Robin A Saar, RVT, VTS (Nutrition) discussed nutrients and fecal microbiota transplant in an interview at the 2024 AVMA Convention in Austin, Texas.
Robin A Saar, RVT, VTS (Nutrition) recently coauthored the Small Animal Microbiomes and Nutrition textbook with Sarah Dodd, BVSc, MSc, PhD, DECVCN. A senior scientific communication technician, she also presented several continuing education sessions at the 2024 American Veterinary Medical Association Convention in Austin, Texas.
In an interview with dvm360 at the AVMA convention, Saar discussed the GI barrier and how it can be rebuilt.

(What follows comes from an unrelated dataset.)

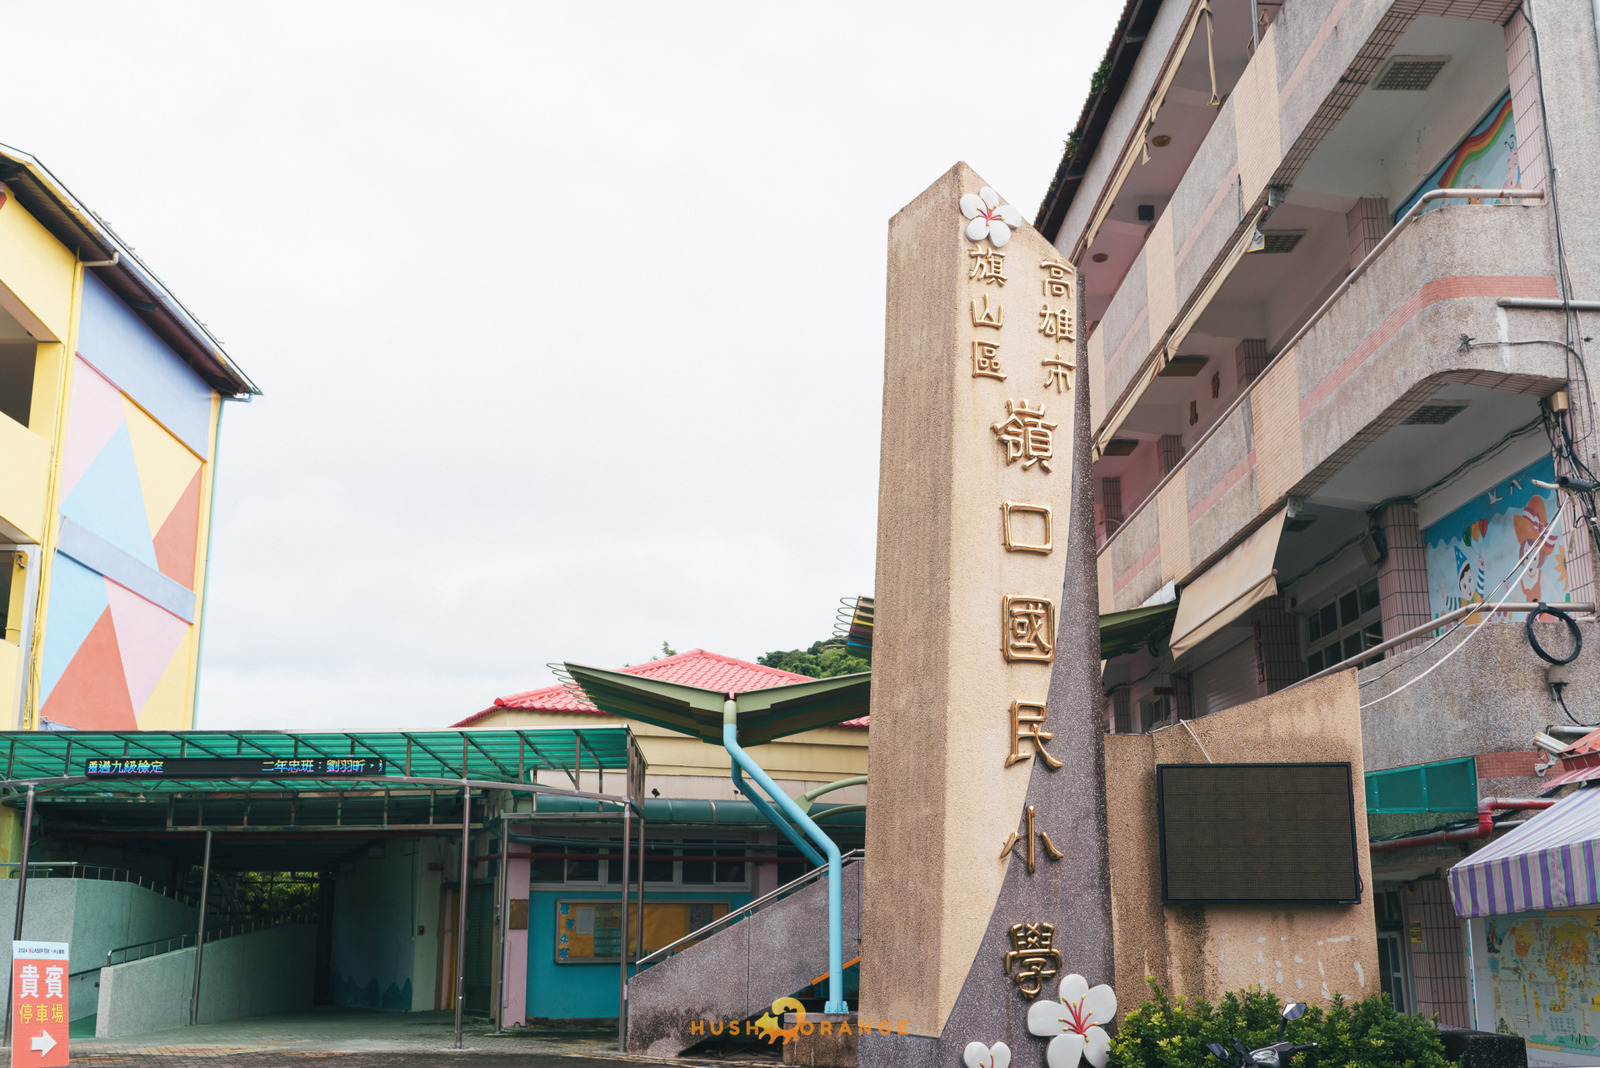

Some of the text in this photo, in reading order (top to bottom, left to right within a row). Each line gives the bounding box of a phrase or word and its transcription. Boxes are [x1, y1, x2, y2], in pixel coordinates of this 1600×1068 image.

Methods include alternative therapies such as fecal microbiota transplant.
The following is a transcript of the video:
Robin A Saar, RVT, VTS (Nutrition): So, if we're looking to try to rebuild our GI barrier, it really is important, of course, that we have good nutrition. We want to look at highly digestible nutrients. We want those nutrients to be a proper balance for that species, so if it's a carnivore or an omnivore. We want to make sure they're coming from the proper proportions, including for the life stage of that pet. We also can start thinking about alternative therapies. We call them alternative therapies, but they really are becoming now more common therapies that we know can help rebalance.
Fecal microbiota transplant, or FMT, is taking feces from a normal, healthy, functioning adult animal, and putting that into a same species animal that is having a dysfunction, [such as] a GI upset or disease. In other sense, the goal of that [therapy] is to put in normal, functioning bacteria and other microbes, and the chemicals or metabolites they make, to help rebuild that barrier back to normal. That will work by feeding the enterocytes, the colonocytes that are there… so that they can produce mucus and help rebuild that barrier.